>>>

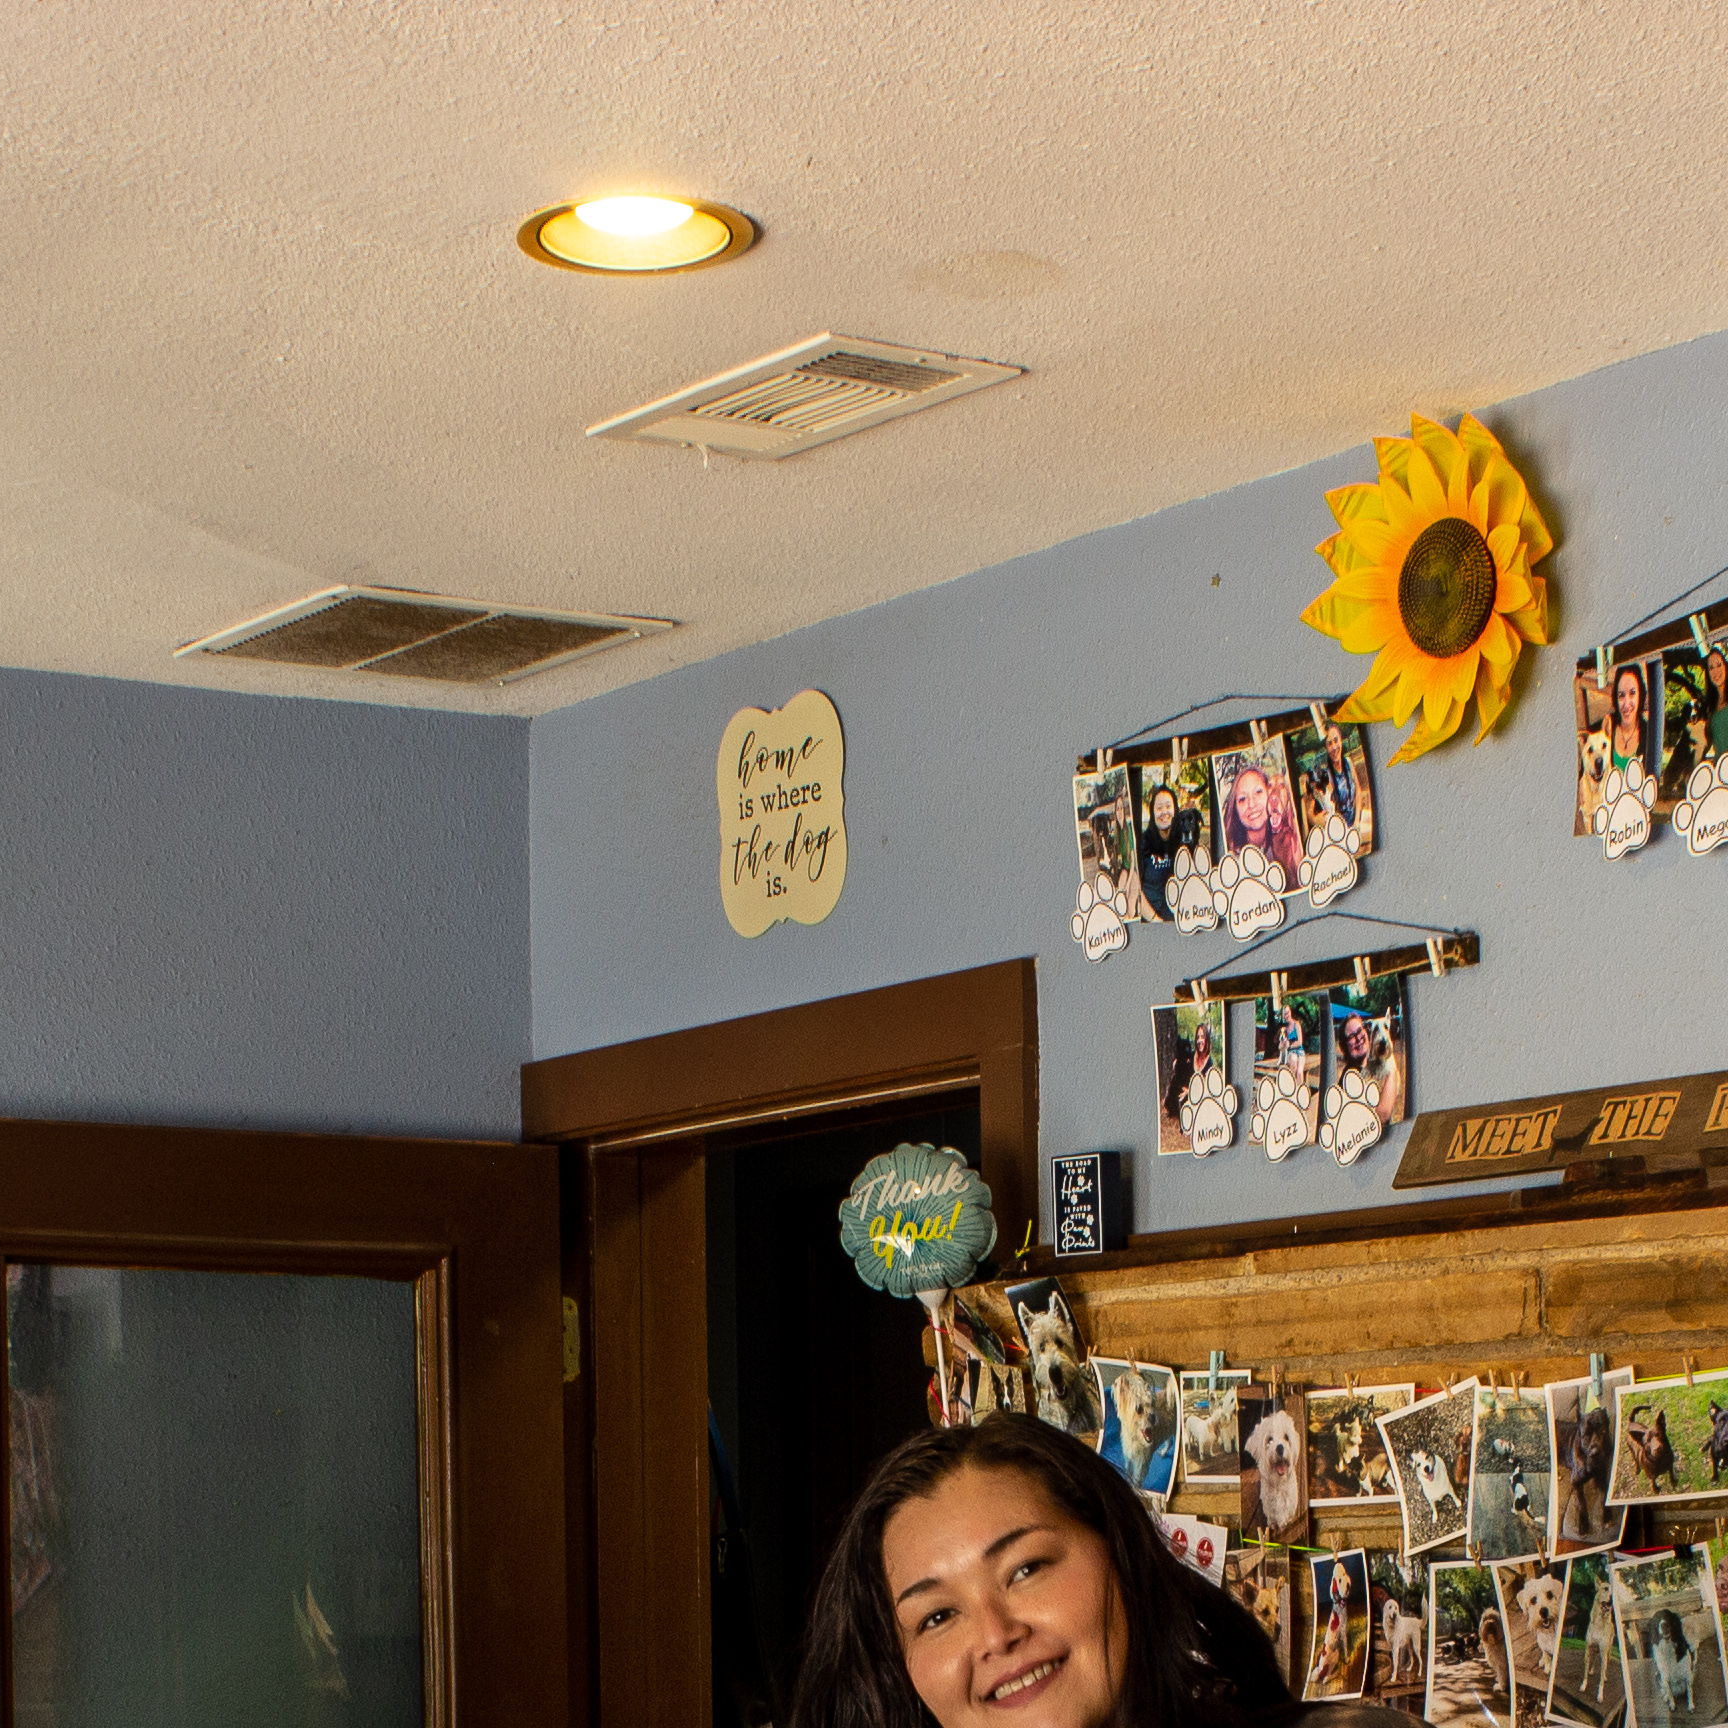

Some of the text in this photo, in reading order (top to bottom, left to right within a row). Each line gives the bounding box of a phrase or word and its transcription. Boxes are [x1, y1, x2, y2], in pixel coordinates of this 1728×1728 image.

[738, 730, 823, 788] home
[739, 781, 822, 821] is where
[1609, 820, 1644, 847] Robin
[732, 812, 838, 885] the dog
[766, 870, 787, 897] is.
[1313, 864, 1352, 894] Rachael
[1178, 908, 1190, 921] Ye
[1233, 900, 1278, 926] Jordan
[1088, 926, 1122, 950] Kaitlyn
[1197, 1124, 1224, 1143] Mindy
[1274, 1121, 1299, 1145] Lyzz
[1338, 1120, 1378, 1158] Melanie
[1448, 1109, 1558, 1160] MEET
[1601, 1096, 1677, 1141] THE
[852, 1161, 970, 1221] Thank
[1061, 1175, 1093, 1200] Heart
[869, 1200, 963, 1269] You!
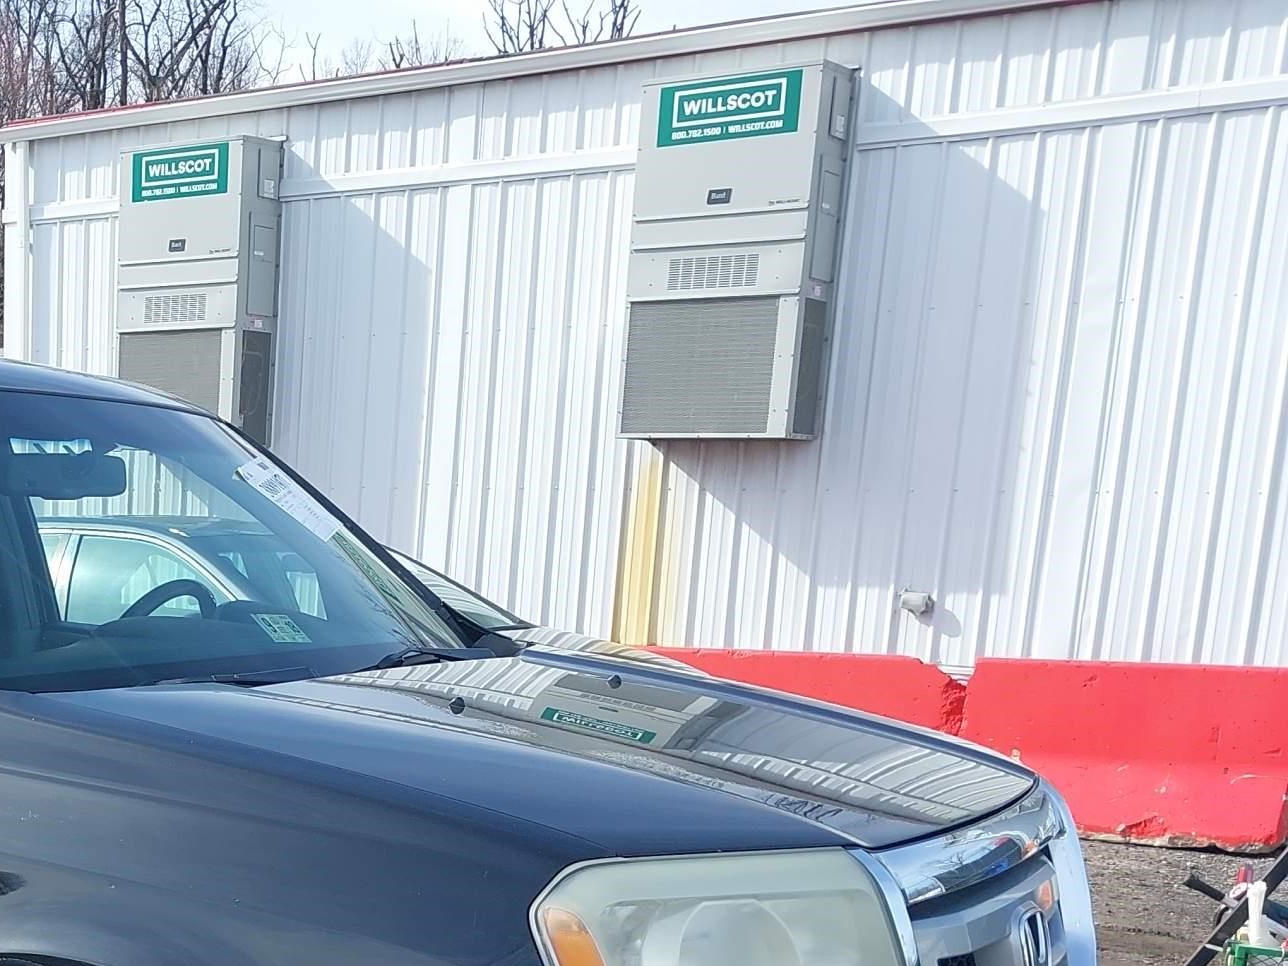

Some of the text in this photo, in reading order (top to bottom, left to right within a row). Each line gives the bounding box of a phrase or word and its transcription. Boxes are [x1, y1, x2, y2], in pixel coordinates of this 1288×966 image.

[683, 90, 777, 115] WILLSCOT
[728, 120, 783, 133] WILLSCOT.COM
[148, 158, 212, 177] WILLSCOT
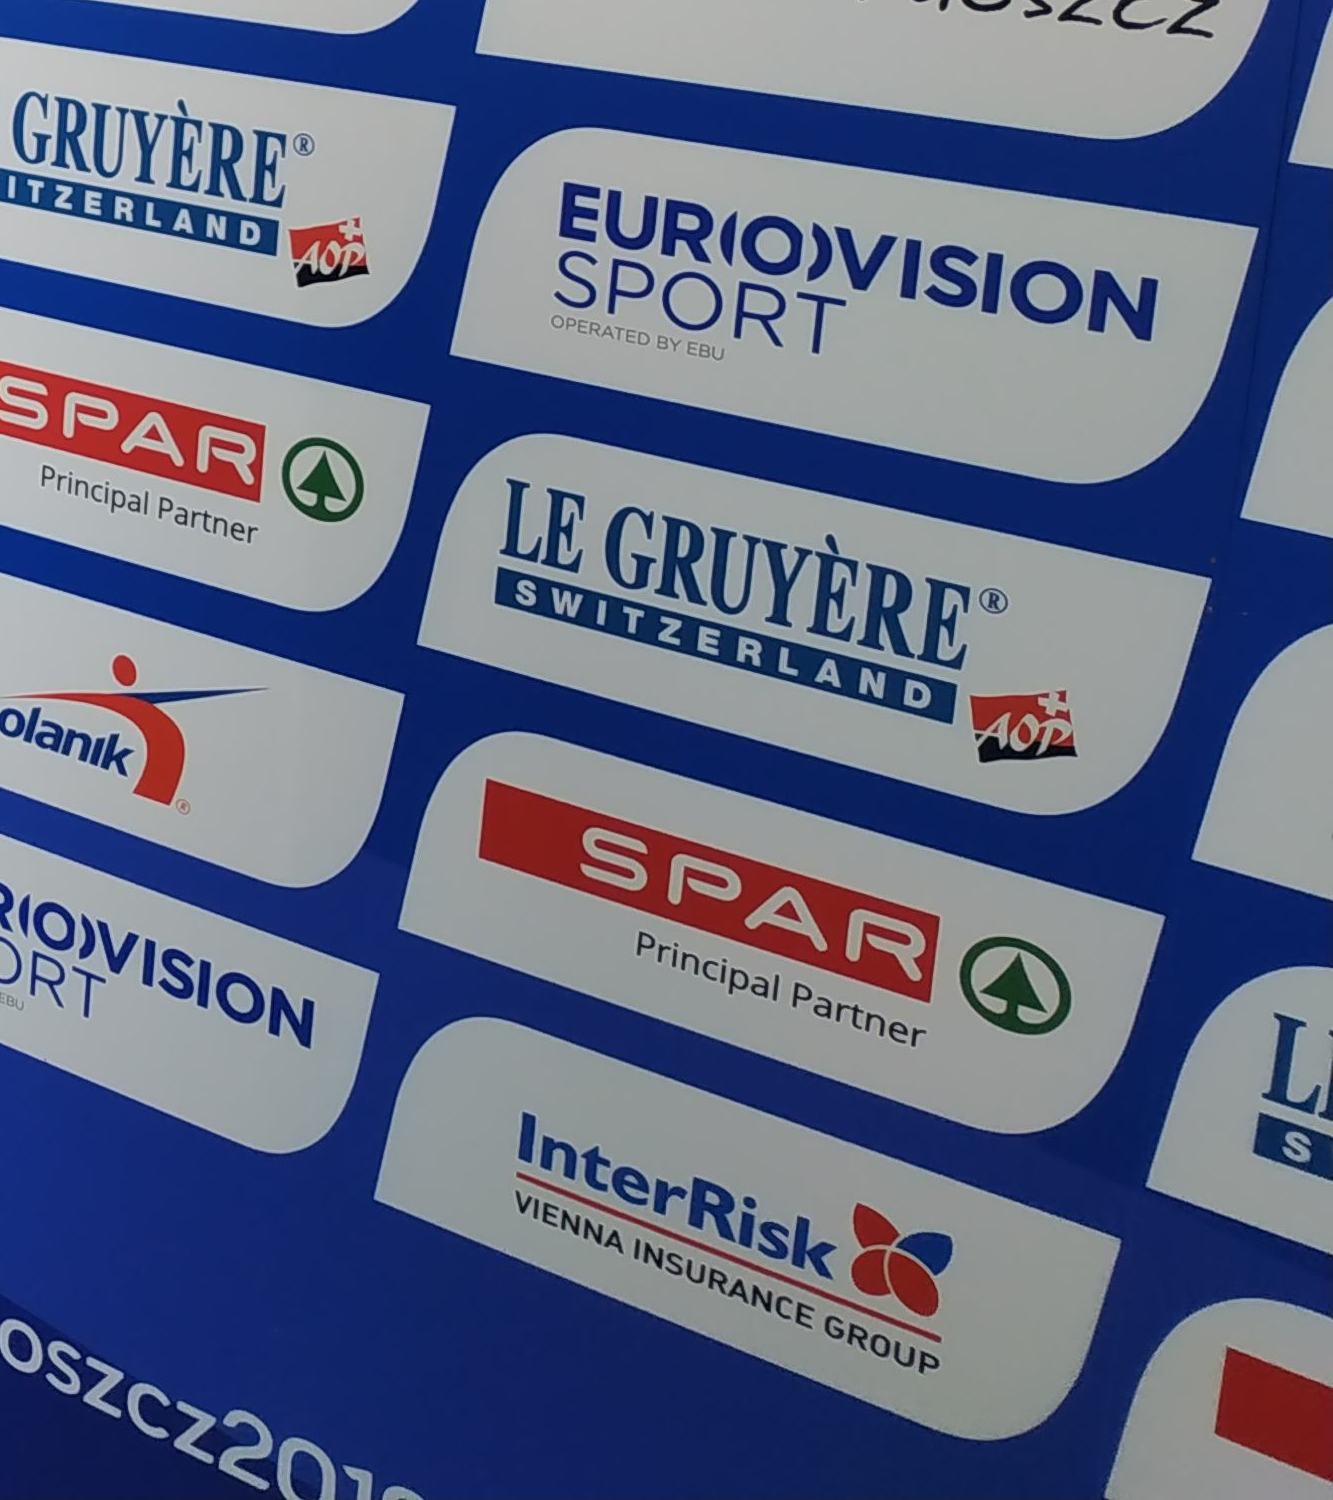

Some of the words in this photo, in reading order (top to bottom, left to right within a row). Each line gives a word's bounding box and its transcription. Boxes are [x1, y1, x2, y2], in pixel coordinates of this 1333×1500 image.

[550, 313, 651, 347] OPERATED
[656, 332, 682, 353] BY
[687, 338, 725, 363] EBU
[553, 251, 847, 355] SPORT
[40, 465, 149, 517] Principal
[158, 497, 259, 545] Partner
[500, 479, 585, 574] LE
[514, 579, 934, 712] SWITZERLAND
[580, 826, 928, 983] SPAR
[636, 931, 781, 1004] Principal
[792, 982, 928, 1049] Partner
[517, 1111, 837, 1281] InterRisk
[514, 1191, 626, 1255] VIENNA
[633, 1238, 814, 1330] INSURANCE
[825, 1314, 941, 1378] GROUP

<<<

Copy each line of the material above exactly, but not the images.

Some of the text in this photo, in reading order (top to bottom, left to right within a row). Each line gives the bounding box of a phrase or word and its transcription. Boxes are [x1, y1, x2, y2], in pixel coordinates of this 1728×1728 image.

[738, 730, 823, 788] home
[739, 781, 822, 821] is where
[1609, 820, 1644, 847] Robin
[732, 812, 838, 885] the dog
[766, 870, 787, 897] is.
[1313, 864, 1352, 894] Rachael
[1178, 908, 1190, 921] Ye
[1233, 900, 1278, 926] Jordan
[1088, 926, 1122, 950] Kaitlyn
[1197, 1124, 1224, 1143] Mindy
[1274, 1121, 1299, 1145] Lyzz
[1338, 1120, 1378, 1158] Melanie
[1448, 1109, 1558, 1160] MEET
[1601, 1096, 1677, 1141] THE
[852, 1161, 970, 1221] Thank
[1061, 1175, 1093, 1200] Heart
[869, 1200, 963, 1269] You!

Some of the text in this photo, in reading order (top to bottom, left to right within a row). Each line gives the bounding box of a phrase or word and its transcription. Boxes are [x1, y1, x2, y2], in pixel coordinates of this 1288×966 image.

[683, 90, 777, 115] WILLSCOT
[728, 120, 783, 133] WILLSCOT.COM
[148, 158, 212, 177] WILLSCOT

Some of the words in this photo, in reading order (top to bottom, left to right within a row). Each line gives a word's bounding box and its transcription. Boxes are [x1, y1, x2, y2], in pixel coordinates of this 1333×1500 image.

[550, 313, 651, 347] OPERATED
[656, 332, 682, 353] BY
[687, 338, 725, 363] EBU
[553, 251, 847, 355] SPORT
[40, 465, 149, 517] Principal
[158, 497, 259, 545] Partner
[500, 479, 585, 574] LE
[514, 579, 934, 712] SWITZERLAND
[580, 826, 928, 983] SPAR
[636, 931, 781, 1004] Principal
[792, 982, 928, 1049] Partner
[517, 1111, 837, 1281] InterRisk
[514, 1191, 626, 1255] VIENNA
[633, 1238, 814, 1330] INSURANCE
[825, 1314, 941, 1378] GROUP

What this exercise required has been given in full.